Understand the setgid bit in Linux. How chmod 2775 on directories ensures new files inherit the correct group ownership for team collaboration.

Special Permissions

Detailed Explanation

What Is SGID (Set Group ID)?

The SGID bit has two distinct behaviors depending on whether it is applied to a file or a directory.

SGID on Executables

When set on an executable, the process runs with the file's group ID rather than the user's primary group. This is similar to SUID but for group privileges.

SGID on Directories (More Common)

When set on a directory, new files and subdirectories created inside automatically inherit the directory's group instead of the creator's primary group. This is essential for shared project directories.

The Problem SGID Solves

Without SGID:

# Alice creates a file in the shared directory
$ id alice
uid=1001(alice) gid=1001(alice) groups=1001(alice),1005(devteam)
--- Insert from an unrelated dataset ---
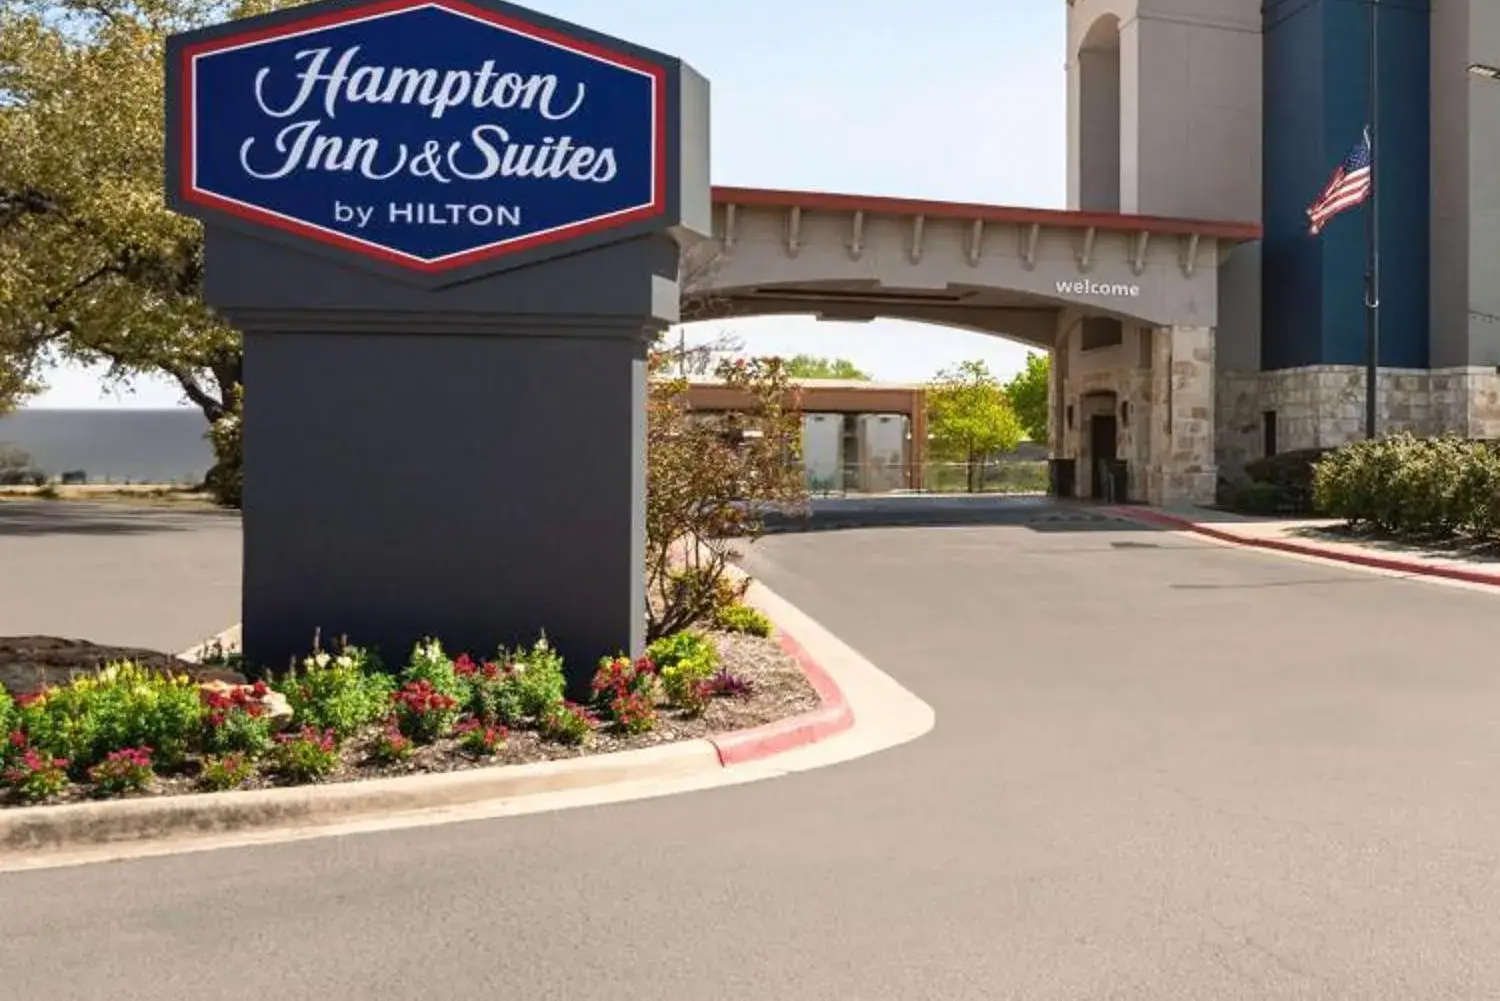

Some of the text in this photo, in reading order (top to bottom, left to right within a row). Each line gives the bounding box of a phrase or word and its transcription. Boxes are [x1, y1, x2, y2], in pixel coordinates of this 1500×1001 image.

$ touch /shared/project/file1.txt
$ ls -l /shared/project/file1.txt
-rw-r--r-- 1 alice alice ...   # Group is 'alice', NOT 'devteam'

With SGID:

# Set SGID on the shared directory
chmod 2775 /shared/project
chown :devteam /shared/project

$ touch /shared/project/file2.txt
$ ls -l /shared/project/file2.txt
-rw-r--r-- 1 alice devteam ...  # Group is 'devteam'!

Setting SGID

# Using symbolic notation
chmod g+s /shared/project

# Using octal notation (prefix with 2)
chmod 2775 /shared/project

# Verify
ls -ld /shared/project
# drwxrwsr-x 2 root devteam ...

SGID Display

In ls -l output, SGID appears in the group execute position:

  • s (lowercase): SGID + group execute permission
  • S (uppercase): SGID WITHOUT group execute permission

Complete Shared Directory Setup

# Create the shared directory
sudo mkdir -p /shared/project

# Set the group
sudo chown :devteam /shared/project

# Set SGID + appropriate permissions
sudo chmod 2775 /shared/project

# Now all new files inherit the 'devteam' group

Combining SGID with Sticky Bit

For directories where multiple groups need write access but should not delete each other's files:

chmod 3775 /shared/project   # SGID (2) + Sticky (1) = 3

Use Case

SGID on directories is the standard solution for team collaboration in Linux. Development teams, web agencies, and any organization with shared file access need SGID to ensure consistent group ownership without requiring users to manually run chgrp on every new file.